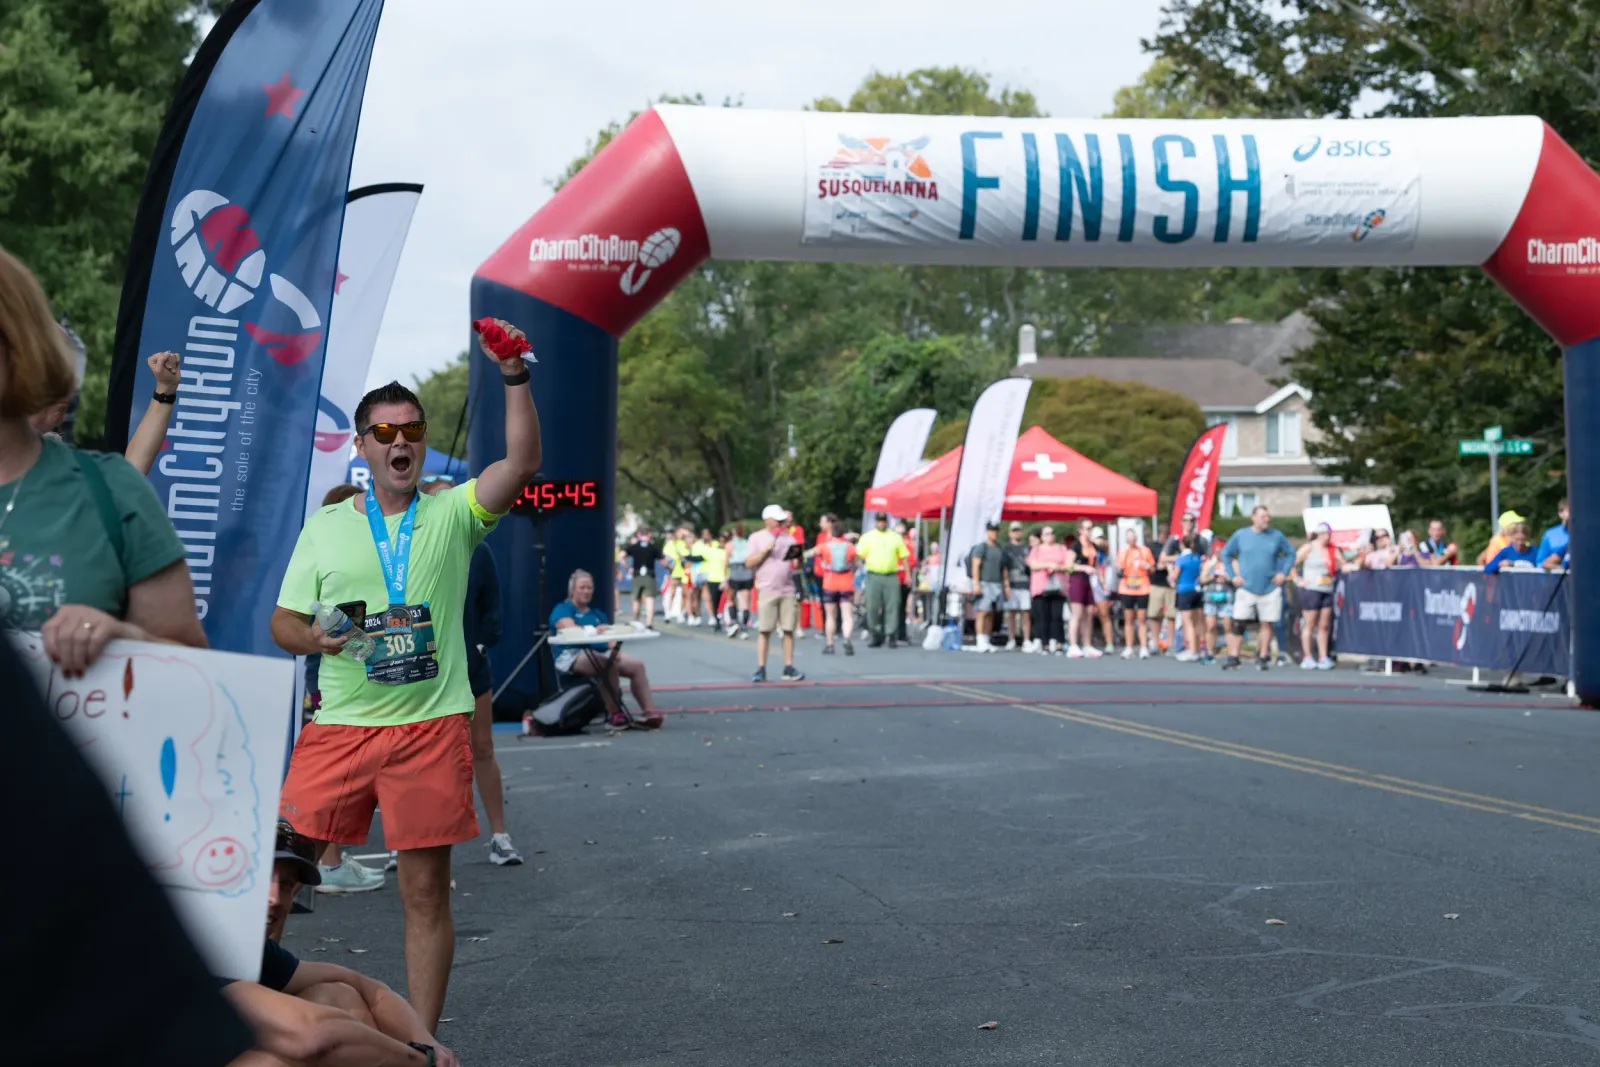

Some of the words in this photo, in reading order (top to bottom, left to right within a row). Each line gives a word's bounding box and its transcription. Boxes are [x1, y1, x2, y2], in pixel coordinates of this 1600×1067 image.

[818, 179, 938, 200] SUSQUEHANNA
[958, 131, 1262, 243] FINISH
[529, 233, 639, 265] CharmCityRun
[1527, 236, 1600, 265] CharmCit
[245, 367, 263, 395] city
[240, 401, 256, 425] the
[238, 430, 252, 446] of
[235, 452, 250, 482] sole
[230, 488, 246, 511] the
[365, 618, 381, 628] 2024
[384, 634, 415, 657] 303
::::::
#### How to complete this task
Please retype the data exactly. The pictures do not go in.

#### Answer to the exercise
Some of the words in this photo, in reading order (top to bottom, left to right within a row). Each line gives a word's bounding box and its transcription. Boxes are [x1, y1, x2, y2], in pixel coordinates of this 1600×1067 image.

[818, 179, 938, 200] SUSQUEHANNA
[958, 131, 1262, 243] FINISH
[529, 233, 639, 265] CharmCityRun
[1527, 236, 1600, 265] CharmCit
[245, 367, 263, 395] city
[240, 401, 256, 425] the
[238, 430, 252, 446] of
[235, 452, 250, 482] sole
[230, 488, 246, 511] the
[365, 618, 381, 628] 2024
[384, 634, 415, 657] 303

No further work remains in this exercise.